[Dataset records]
- - - - -

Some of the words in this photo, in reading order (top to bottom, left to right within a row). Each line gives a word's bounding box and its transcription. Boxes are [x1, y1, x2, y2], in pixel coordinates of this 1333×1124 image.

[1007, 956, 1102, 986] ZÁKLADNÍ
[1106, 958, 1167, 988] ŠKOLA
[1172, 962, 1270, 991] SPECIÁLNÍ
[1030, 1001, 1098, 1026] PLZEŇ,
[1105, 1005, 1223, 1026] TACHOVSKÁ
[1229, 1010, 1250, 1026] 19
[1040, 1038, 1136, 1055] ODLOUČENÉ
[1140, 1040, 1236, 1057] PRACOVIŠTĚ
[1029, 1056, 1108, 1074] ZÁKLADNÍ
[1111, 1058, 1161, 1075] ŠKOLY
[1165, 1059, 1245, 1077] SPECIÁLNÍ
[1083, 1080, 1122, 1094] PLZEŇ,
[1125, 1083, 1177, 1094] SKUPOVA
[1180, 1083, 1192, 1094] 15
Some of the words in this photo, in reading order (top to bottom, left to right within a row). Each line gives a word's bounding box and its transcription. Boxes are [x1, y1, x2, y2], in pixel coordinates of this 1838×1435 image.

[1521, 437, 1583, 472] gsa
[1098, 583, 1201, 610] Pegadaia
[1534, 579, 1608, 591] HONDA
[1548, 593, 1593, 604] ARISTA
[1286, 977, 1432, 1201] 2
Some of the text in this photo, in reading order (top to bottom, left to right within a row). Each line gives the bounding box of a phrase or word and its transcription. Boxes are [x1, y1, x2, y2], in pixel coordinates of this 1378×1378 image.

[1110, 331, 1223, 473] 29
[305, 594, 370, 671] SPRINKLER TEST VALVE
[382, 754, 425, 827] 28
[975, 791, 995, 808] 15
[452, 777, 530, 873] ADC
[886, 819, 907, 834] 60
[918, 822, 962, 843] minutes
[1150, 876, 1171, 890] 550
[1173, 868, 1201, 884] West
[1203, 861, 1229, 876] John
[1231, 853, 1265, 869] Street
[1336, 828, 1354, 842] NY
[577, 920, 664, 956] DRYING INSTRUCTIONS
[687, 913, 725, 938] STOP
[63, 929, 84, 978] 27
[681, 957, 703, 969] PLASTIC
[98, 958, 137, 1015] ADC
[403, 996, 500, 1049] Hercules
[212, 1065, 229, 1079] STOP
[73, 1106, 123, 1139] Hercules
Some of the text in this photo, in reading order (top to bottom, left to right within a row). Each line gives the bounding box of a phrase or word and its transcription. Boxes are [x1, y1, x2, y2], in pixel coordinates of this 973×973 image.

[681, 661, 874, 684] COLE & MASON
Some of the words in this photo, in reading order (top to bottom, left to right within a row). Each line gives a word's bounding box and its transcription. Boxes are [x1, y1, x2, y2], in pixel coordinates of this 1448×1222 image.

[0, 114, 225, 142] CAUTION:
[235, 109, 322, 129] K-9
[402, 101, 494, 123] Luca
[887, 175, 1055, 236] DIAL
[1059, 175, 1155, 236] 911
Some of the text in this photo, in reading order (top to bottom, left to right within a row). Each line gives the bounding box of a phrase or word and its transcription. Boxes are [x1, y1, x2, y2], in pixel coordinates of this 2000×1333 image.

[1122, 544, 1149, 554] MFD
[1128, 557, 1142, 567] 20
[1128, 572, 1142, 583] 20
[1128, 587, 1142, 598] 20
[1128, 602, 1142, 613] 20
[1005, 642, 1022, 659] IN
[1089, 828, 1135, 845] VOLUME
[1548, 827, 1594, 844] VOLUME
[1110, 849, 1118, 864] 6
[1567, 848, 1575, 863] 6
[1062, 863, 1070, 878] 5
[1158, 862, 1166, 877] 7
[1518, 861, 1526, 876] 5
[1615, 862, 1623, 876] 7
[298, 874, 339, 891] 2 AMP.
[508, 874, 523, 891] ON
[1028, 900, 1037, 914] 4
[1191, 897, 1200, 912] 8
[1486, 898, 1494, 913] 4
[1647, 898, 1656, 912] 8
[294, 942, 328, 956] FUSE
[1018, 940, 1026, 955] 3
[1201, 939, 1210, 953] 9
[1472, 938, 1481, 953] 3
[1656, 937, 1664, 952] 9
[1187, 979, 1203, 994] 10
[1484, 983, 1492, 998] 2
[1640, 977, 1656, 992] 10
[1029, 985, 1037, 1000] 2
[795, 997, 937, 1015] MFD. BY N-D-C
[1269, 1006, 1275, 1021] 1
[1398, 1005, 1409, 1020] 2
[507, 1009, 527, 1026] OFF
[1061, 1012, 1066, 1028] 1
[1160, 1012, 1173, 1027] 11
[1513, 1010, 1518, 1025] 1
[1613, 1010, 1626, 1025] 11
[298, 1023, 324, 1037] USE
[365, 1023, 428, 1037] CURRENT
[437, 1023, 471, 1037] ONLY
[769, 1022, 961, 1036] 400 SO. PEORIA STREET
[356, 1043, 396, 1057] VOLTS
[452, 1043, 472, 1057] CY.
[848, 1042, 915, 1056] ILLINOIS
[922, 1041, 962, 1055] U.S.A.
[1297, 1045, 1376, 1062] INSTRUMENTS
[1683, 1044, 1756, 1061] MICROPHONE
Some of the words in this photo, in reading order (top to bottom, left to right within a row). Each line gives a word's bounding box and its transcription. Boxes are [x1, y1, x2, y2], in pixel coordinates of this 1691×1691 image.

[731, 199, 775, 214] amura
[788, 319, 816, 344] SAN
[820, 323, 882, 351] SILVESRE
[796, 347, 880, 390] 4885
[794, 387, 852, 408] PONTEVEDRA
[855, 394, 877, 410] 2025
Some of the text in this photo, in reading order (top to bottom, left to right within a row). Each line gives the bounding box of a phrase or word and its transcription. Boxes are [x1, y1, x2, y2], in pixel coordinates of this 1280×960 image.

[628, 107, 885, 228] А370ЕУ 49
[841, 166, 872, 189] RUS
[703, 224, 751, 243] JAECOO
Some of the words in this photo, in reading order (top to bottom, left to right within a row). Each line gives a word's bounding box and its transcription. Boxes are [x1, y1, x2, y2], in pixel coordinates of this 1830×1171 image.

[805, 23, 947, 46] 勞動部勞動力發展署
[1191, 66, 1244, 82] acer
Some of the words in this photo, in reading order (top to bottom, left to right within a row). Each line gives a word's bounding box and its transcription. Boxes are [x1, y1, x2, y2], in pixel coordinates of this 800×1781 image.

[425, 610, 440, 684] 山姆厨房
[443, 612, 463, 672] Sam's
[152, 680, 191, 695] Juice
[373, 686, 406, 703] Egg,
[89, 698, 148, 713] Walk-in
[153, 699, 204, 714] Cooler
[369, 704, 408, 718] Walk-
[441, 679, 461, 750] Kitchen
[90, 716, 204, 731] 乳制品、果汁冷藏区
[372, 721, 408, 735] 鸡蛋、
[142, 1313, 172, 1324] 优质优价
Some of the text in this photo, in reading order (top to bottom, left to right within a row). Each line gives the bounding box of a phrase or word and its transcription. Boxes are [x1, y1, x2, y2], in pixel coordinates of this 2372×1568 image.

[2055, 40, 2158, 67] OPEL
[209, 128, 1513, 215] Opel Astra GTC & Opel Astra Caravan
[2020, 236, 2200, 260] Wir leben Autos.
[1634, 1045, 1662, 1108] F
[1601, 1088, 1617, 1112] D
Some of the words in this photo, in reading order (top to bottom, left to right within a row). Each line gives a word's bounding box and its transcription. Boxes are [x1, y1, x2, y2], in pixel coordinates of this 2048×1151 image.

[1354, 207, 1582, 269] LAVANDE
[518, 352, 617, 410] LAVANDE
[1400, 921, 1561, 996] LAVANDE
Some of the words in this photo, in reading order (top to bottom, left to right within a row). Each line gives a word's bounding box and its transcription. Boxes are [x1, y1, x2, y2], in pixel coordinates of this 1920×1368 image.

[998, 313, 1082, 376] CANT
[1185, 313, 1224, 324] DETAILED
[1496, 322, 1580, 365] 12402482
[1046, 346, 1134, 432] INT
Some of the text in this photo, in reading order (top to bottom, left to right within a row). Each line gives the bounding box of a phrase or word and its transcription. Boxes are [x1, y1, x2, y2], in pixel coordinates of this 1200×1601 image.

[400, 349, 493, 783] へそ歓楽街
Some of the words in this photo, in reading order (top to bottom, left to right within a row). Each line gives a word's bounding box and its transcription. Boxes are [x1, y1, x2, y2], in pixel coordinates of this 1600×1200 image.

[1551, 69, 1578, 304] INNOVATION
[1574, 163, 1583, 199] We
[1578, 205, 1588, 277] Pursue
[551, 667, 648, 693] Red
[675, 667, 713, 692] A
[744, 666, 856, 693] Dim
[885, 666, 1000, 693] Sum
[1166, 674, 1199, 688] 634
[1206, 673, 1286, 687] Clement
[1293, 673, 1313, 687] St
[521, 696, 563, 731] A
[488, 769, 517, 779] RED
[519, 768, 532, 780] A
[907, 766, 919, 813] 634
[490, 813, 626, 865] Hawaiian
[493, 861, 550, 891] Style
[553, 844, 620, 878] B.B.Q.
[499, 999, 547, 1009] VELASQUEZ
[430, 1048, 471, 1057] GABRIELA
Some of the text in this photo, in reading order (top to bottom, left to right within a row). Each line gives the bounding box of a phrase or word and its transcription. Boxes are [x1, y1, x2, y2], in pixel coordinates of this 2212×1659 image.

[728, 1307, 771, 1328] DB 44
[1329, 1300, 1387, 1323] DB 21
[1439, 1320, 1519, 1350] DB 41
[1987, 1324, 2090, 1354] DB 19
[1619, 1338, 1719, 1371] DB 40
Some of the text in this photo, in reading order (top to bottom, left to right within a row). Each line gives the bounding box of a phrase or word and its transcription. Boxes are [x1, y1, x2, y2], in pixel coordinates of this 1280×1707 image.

- - - - -

→ **WHAT IS NEEDED**
Nothing from before the line containing "this 2212×1659 image." should appear; copy that line and each one after it through the last line of the entries, exactly.

→ **ANSWER BOX**
Some of the text in this photo, in reading order (top to bottom, left to right within a row). Each line gives the bounding box of a phrase or word and its transcription. Boxes are [x1, y1, x2, y2], in pixel coordinates of this 2212×1659 image.

[728, 1307, 771, 1328] DB 44
[1329, 1300, 1387, 1323] DB 21
[1439, 1320, 1519, 1350] DB 41
[1987, 1324, 2090, 1354] DB 19
[1619, 1338, 1719, 1371] DB 40
Some of the text in this photo, in reading order (top to bottom, left to right within a row). Each line gives the bounding box of a phrase or word and its transcription. Boxes are [x1, y1, x2, y2], in pixel coordinates of this 1280×1707 image.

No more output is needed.